- PROMPT: Every single record below is to be reproduced exactly.

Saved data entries

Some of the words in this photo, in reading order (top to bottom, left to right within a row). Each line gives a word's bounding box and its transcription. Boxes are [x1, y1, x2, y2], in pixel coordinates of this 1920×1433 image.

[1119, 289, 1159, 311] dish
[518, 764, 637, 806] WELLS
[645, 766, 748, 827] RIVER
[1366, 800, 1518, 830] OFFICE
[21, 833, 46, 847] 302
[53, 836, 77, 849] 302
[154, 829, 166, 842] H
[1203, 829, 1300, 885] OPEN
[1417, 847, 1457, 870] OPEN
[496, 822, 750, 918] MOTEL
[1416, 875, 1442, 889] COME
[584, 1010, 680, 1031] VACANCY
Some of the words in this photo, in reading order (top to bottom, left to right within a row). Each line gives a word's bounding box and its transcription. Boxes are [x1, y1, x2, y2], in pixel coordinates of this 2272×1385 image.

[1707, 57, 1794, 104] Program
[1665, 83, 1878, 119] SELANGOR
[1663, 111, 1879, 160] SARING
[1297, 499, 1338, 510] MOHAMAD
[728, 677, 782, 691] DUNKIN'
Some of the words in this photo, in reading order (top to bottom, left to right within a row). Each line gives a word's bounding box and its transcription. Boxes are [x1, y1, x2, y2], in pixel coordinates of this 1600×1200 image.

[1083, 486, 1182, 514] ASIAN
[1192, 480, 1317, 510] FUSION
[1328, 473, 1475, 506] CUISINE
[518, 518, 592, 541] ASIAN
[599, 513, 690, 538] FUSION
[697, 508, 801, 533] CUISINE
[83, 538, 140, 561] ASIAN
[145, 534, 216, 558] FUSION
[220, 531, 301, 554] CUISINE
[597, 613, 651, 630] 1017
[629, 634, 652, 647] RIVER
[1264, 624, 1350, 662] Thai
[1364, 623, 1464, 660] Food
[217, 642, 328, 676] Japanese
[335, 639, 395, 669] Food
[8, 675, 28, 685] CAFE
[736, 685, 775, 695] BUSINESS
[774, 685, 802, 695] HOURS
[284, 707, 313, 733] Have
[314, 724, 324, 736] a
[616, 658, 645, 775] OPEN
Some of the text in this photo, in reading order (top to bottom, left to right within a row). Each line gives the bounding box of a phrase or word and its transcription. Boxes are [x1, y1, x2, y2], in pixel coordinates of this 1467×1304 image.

- WRITTEN SOLUTION:
Some of the words in this photo, in reading order (top to bottom, left to right within a row). Each line gives a word's bounding box and its transcription. Boxes are [x1, y1, x2, y2], in pixel coordinates of this 1920×1433 image.

[1119, 289, 1159, 311] dish
[518, 764, 637, 806] WELLS
[645, 766, 748, 827] RIVER
[1366, 800, 1518, 830] OFFICE
[21, 833, 46, 847] 302
[53, 836, 77, 849] 302
[154, 829, 166, 842] H
[1203, 829, 1300, 885] OPEN
[1417, 847, 1457, 870] OPEN
[496, 822, 750, 918] MOTEL
[1416, 875, 1442, 889] COME
[584, 1010, 680, 1031] VACANCY
Some of the words in this photo, in reading order (top to bottom, left to right within a row). Each line gives a word's bounding box and its transcription. Boxes are [x1, y1, x2, y2], in pixel coordinates of this 2272×1385 image.

[1707, 57, 1794, 104] Program
[1665, 83, 1878, 119] SELANGOR
[1663, 111, 1879, 160] SARING
[1297, 499, 1338, 510] MOHAMAD
[728, 677, 782, 691] DUNKIN'
Some of the words in this photo, in reading order (top to bottom, left to right within a row). Each line gives a word's bounding box and its transcription. Boxes are [x1, y1, x2, y2], in pixel coordinates of this 1600×1200 image.

[1083, 486, 1182, 514] ASIAN
[1192, 480, 1317, 510] FUSION
[1328, 473, 1475, 506] CUISINE
[518, 518, 592, 541] ASIAN
[599, 513, 690, 538] FUSION
[697, 508, 801, 533] CUISINE
[83, 538, 140, 561] ASIAN
[145, 534, 216, 558] FUSION
[220, 531, 301, 554] CUISINE
[597, 613, 651, 630] 1017
[629, 634, 652, 647] RIVER
[1264, 624, 1350, 662] Thai
[1364, 623, 1464, 660] Food
[217, 642, 328, 676] Japanese
[335, 639, 395, 669] Food
[8, 675, 28, 685] CAFE
[736, 685, 775, 695] BUSINESS
[774, 685, 802, 695] HOURS
[284, 707, 313, 733] Have
[314, 724, 324, 736] a
[616, 658, 645, 775] OPEN
Some of the text in this photo, in reading order (top to bottom, left to right within a row). Each line gives the bounding box of a phrase or word and its transcription. Boxes are [x1, y1, x2, y2], in pixel coordinates of this 1467×1304 image.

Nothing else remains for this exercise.